Exercise brief:
For any picture in the lines below, please leave it out and copy the rest exactly.

━━━━

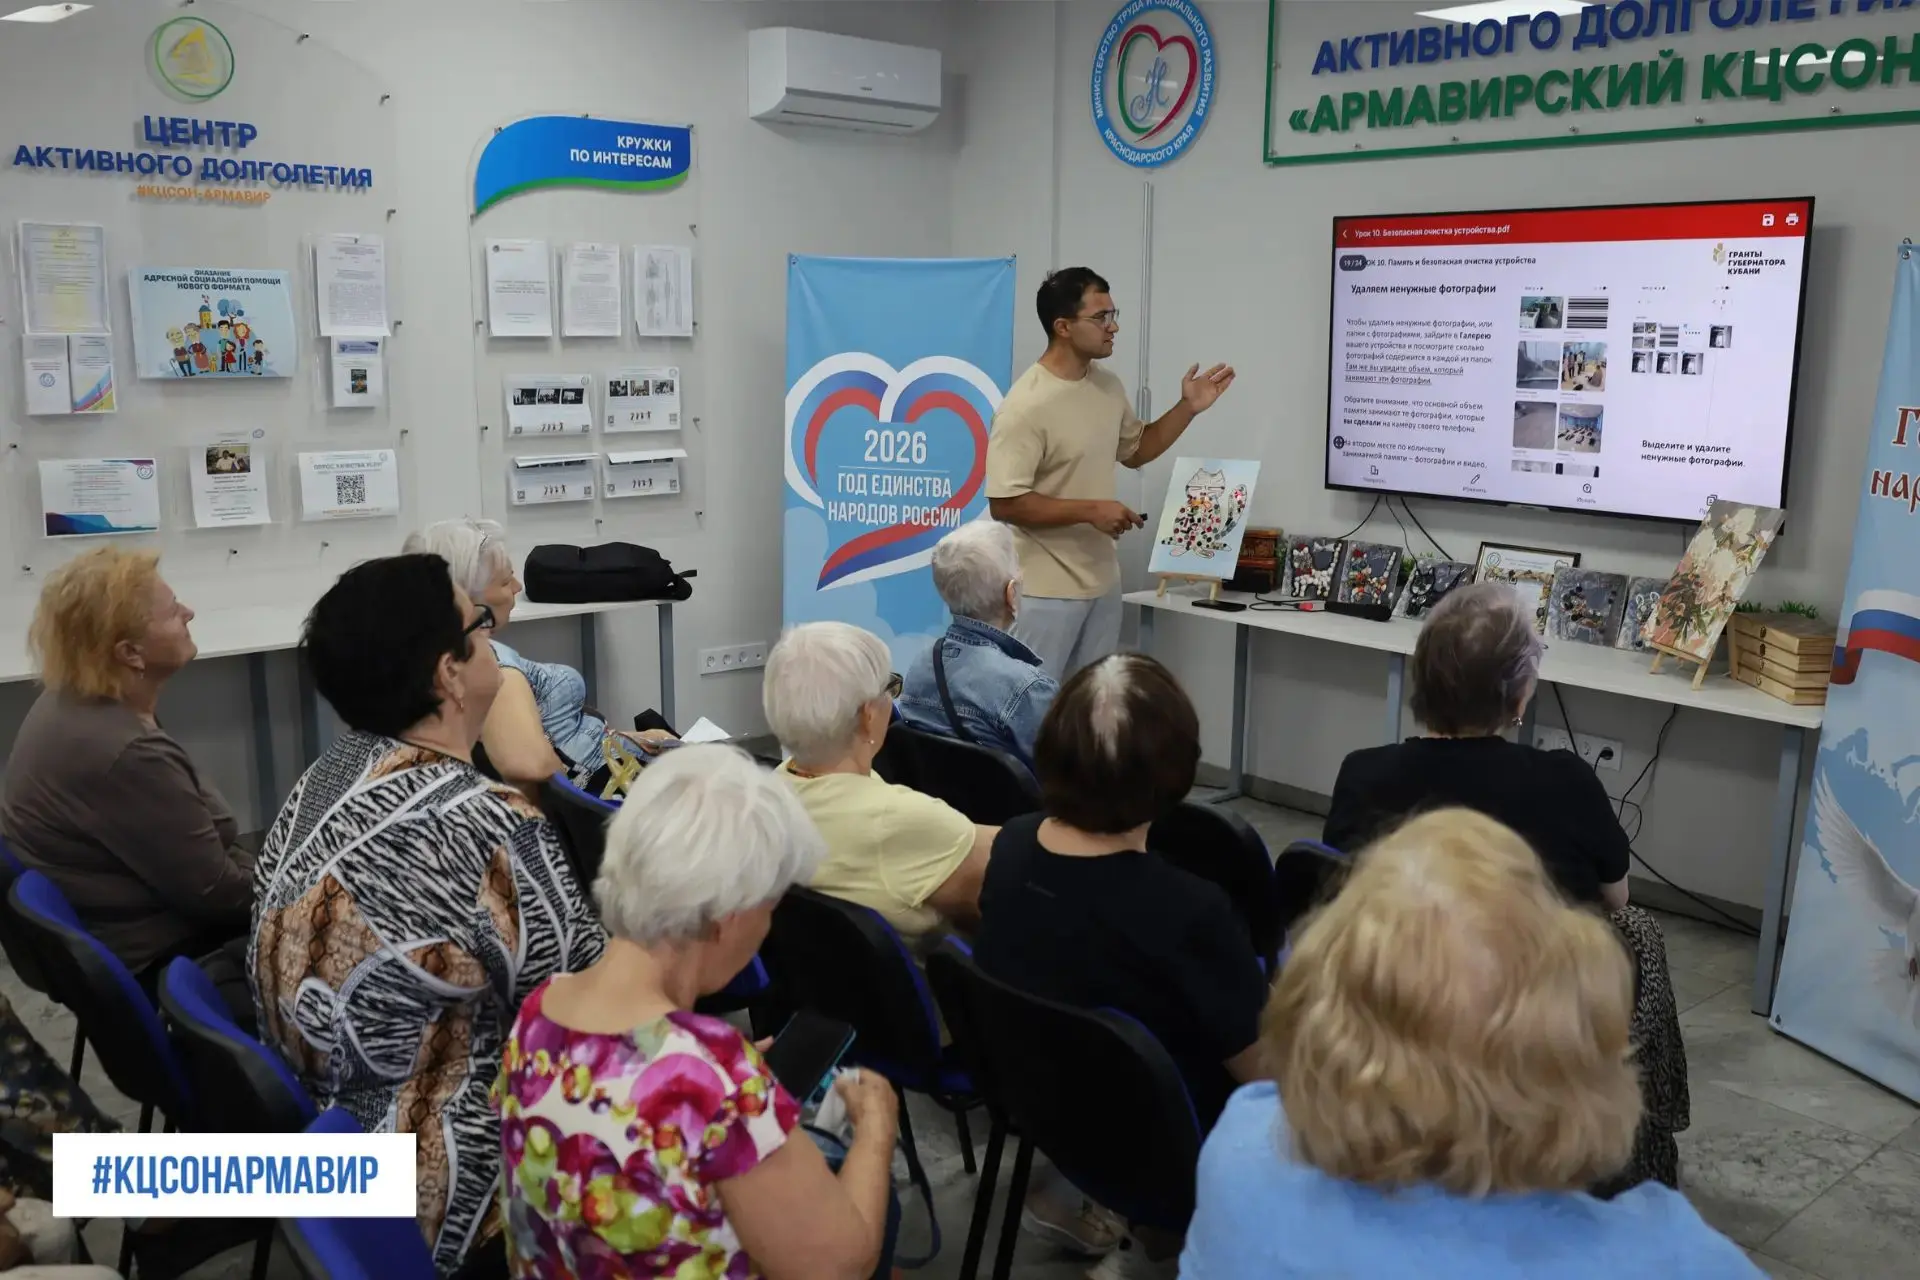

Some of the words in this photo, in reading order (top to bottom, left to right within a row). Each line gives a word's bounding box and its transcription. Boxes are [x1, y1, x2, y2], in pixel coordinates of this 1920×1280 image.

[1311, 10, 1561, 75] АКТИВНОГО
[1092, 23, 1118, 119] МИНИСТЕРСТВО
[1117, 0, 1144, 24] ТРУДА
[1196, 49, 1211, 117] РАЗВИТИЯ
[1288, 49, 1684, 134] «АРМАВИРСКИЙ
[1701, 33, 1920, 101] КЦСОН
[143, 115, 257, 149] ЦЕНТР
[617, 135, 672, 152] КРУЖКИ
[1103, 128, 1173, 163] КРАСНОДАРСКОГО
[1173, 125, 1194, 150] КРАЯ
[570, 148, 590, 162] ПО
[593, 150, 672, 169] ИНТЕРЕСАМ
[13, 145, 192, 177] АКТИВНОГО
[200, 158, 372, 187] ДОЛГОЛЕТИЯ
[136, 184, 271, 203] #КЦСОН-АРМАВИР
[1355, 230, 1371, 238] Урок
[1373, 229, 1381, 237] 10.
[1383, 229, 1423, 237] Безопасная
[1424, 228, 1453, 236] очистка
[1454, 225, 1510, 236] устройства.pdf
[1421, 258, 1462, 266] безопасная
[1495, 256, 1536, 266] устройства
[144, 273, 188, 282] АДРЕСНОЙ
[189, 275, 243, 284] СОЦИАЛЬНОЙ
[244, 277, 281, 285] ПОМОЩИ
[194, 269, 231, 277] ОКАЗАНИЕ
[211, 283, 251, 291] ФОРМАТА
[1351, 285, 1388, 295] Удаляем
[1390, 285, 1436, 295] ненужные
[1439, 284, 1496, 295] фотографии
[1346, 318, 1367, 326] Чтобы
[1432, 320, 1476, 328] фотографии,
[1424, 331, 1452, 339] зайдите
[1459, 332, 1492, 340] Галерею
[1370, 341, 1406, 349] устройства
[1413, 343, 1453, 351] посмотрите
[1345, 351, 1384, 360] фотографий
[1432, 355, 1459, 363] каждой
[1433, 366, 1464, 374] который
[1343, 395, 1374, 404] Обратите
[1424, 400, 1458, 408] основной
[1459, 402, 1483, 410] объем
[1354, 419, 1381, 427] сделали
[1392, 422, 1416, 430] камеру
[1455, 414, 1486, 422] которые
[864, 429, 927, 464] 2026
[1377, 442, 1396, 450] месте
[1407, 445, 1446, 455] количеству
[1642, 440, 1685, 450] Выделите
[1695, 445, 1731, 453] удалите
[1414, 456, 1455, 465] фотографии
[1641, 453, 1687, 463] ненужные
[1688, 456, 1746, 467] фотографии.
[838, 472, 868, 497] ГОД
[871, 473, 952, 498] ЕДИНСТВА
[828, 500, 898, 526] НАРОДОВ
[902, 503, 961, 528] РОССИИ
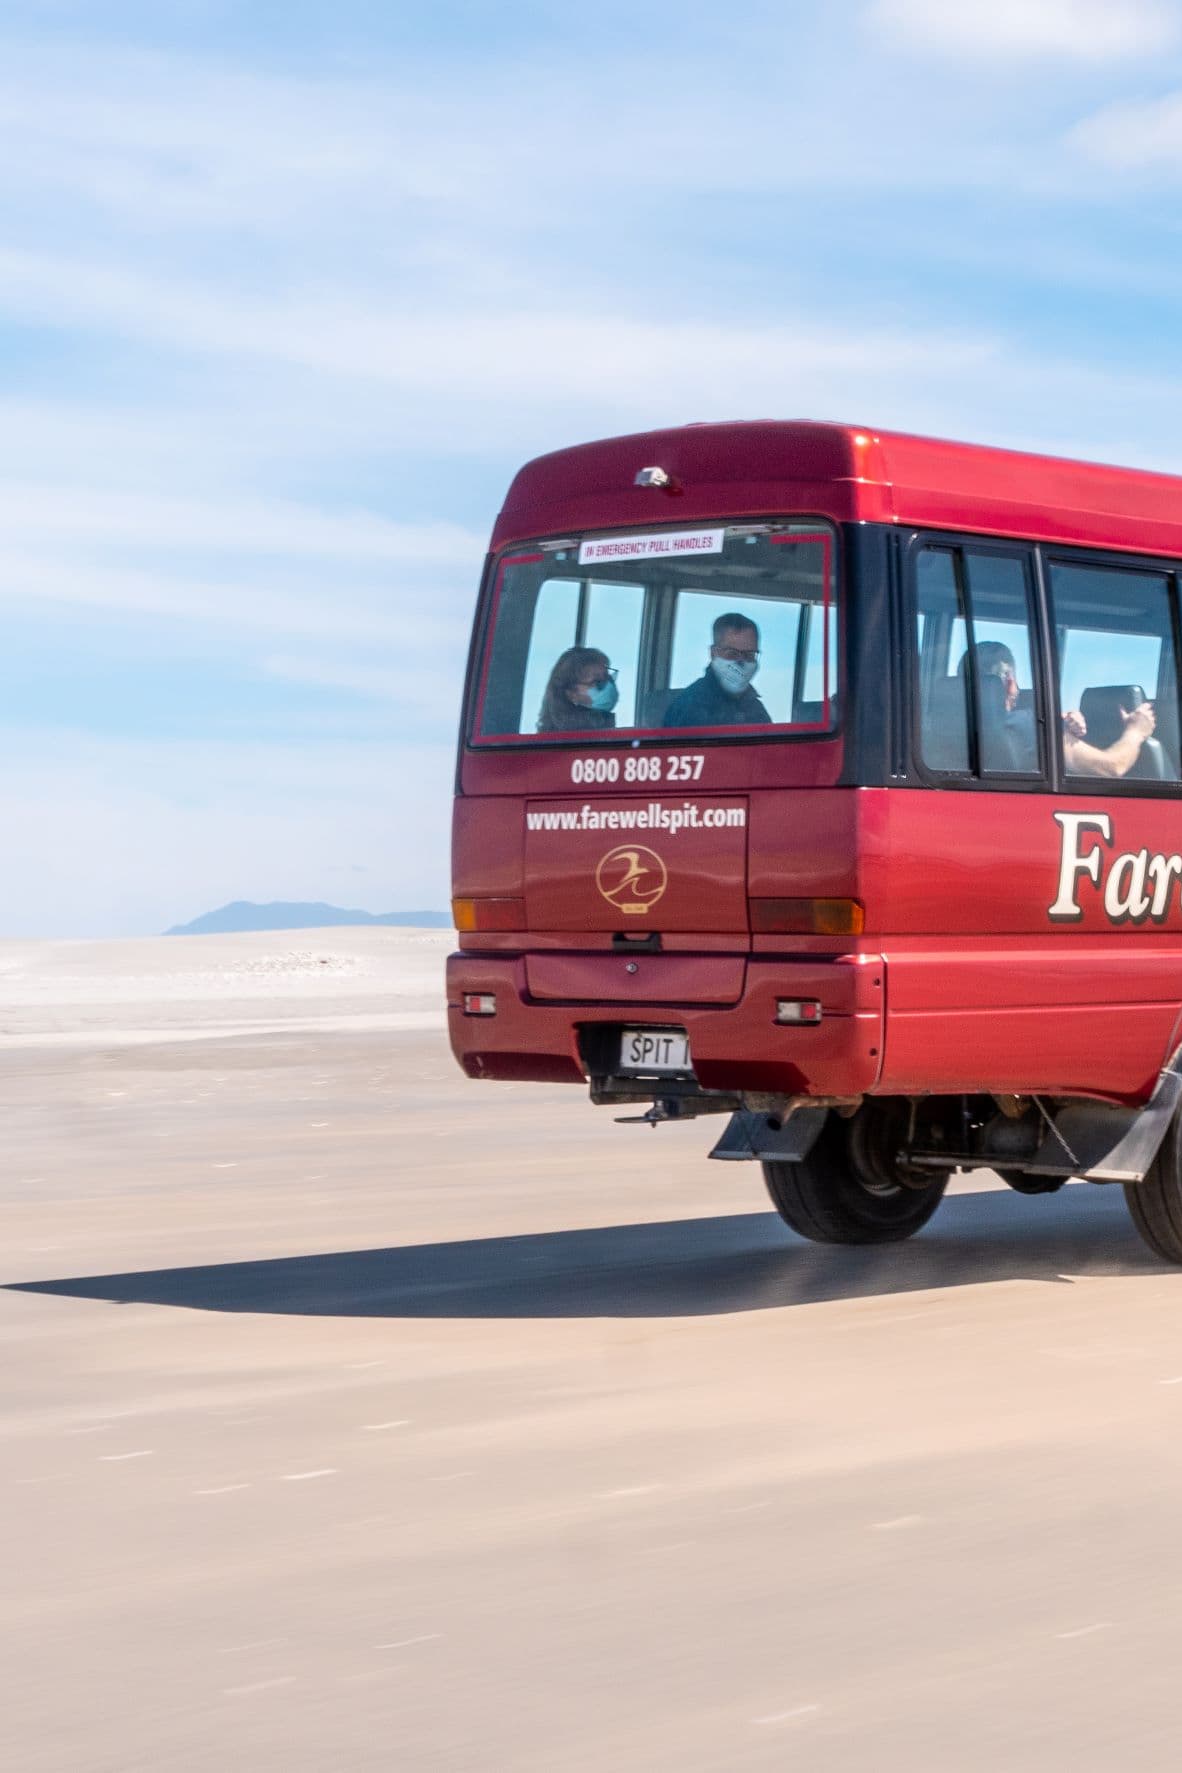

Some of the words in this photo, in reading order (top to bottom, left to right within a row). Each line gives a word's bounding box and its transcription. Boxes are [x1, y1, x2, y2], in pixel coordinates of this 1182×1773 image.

━━━━

Exercise result:
Some of the words in this photo, in reading order (top to bottom, left to right within a row). Each line gives a word's bounding box and its transcription. Boxes are [x1, y1, x2, y2], in pixel coordinates of this 1920×1280 image.

[1311, 10, 1561, 75] АКТИВНОГО
[1092, 23, 1118, 119] МИНИСТЕРСТВО
[1117, 0, 1144, 24] ТРУДА
[1196, 49, 1211, 117] РАЗВИТИЯ
[1288, 49, 1684, 134] «АРМАВИРСКИЙ
[1701, 33, 1920, 101] КЦСОН
[143, 115, 257, 149] ЦЕНТР
[617, 135, 672, 152] КРУЖКИ
[1103, 128, 1173, 163] КРАСНОДАРСКОГО
[1173, 125, 1194, 150] КРАЯ
[570, 148, 590, 162] ПО
[593, 150, 672, 169] ИНТЕРЕСАМ
[13, 145, 192, 177] АКТИВНОГО
[200, 158, 372, 187] ДОЛГОЛЕТИЯ
[136, 184, 271, 203] #КЦСОН-АРМАВИР
[1355, 230, 1371, 238] Урок
[1373, 229, 1381, 237] 10.
[1383, 229, 1423, 237] Безопасная
[1424, 228, 1453, 236] очистка
[1454, 225, 1510, 236] устройства.pdf
[1421, 258, 1462, 266] безопасная
[1495, 256, 1536, 266] устройства
[144, 273, 188, 282] АДРЕСНОЙ
[189, 275, 243, 284] СОЦИАЛЬНОЙ
[244, 277, 281, 285] ПОМОЩИ
[194, 269, 231, 277] ОКАЗАНИЕ
[211, 283, 251, 291] ФОРМАТА
[1351, 285, 1388, 295] Удаляем
[1390, 285, 1436, 295] ненужные
[1439, 284, 1496, 295] фотографии
[1346, 318, 1367, 326] Чтобы
[1432, 320, 1476, 328] фотографии,
[1424, 331, 1452, 339] зайдите
[1459, 332, 1492, 340] Галерею
[1370, 341, 1406, 349] устройства
[1413, 343, 1453, 351] посмотрите
[1345, 351, 1384, 360] фотографий
[1432, 355, 1459, 363] каждой
[1433, 366, 1464, 374] который
[1343, 395, 1374, 404] Обратите
[1424, 400, 1458, 408] основной
[1459, 402, 1483, 410] объем
[1354, 419, 1381, 427] сделали
[1392, 422, 1416, 430] камеру
[1455, 414, 1486, 422] которые
[864, 429, 927, 464] 2026
[1377, 442, 1396, 450] месте
[1407, 445, 1446, 455] количеству
[1642, 440, 1685, 450] Выделите
[1695, 445, 1731, 453] удалите
[1414, 456, 1455, 465] фотографии
[1641, 453, 1687, 463] ненужные
[1688, 456, 1746, 467] фотографии.
[838, 472, 868, 497] ГОД
[871, 473, 952, 498] ЕДИНСТВА
[828, 500, 898, 526] НАРОДОВ
[902, 503, 961, 528] РОССИИ

Some of the words in this photo, in reading order (top to bottom, left to right within a row). Each line gives a word's bounding box and its transcription. Boxes are [x1, y1, x2, y2], in pixel coordinates of this 1182×1773 image.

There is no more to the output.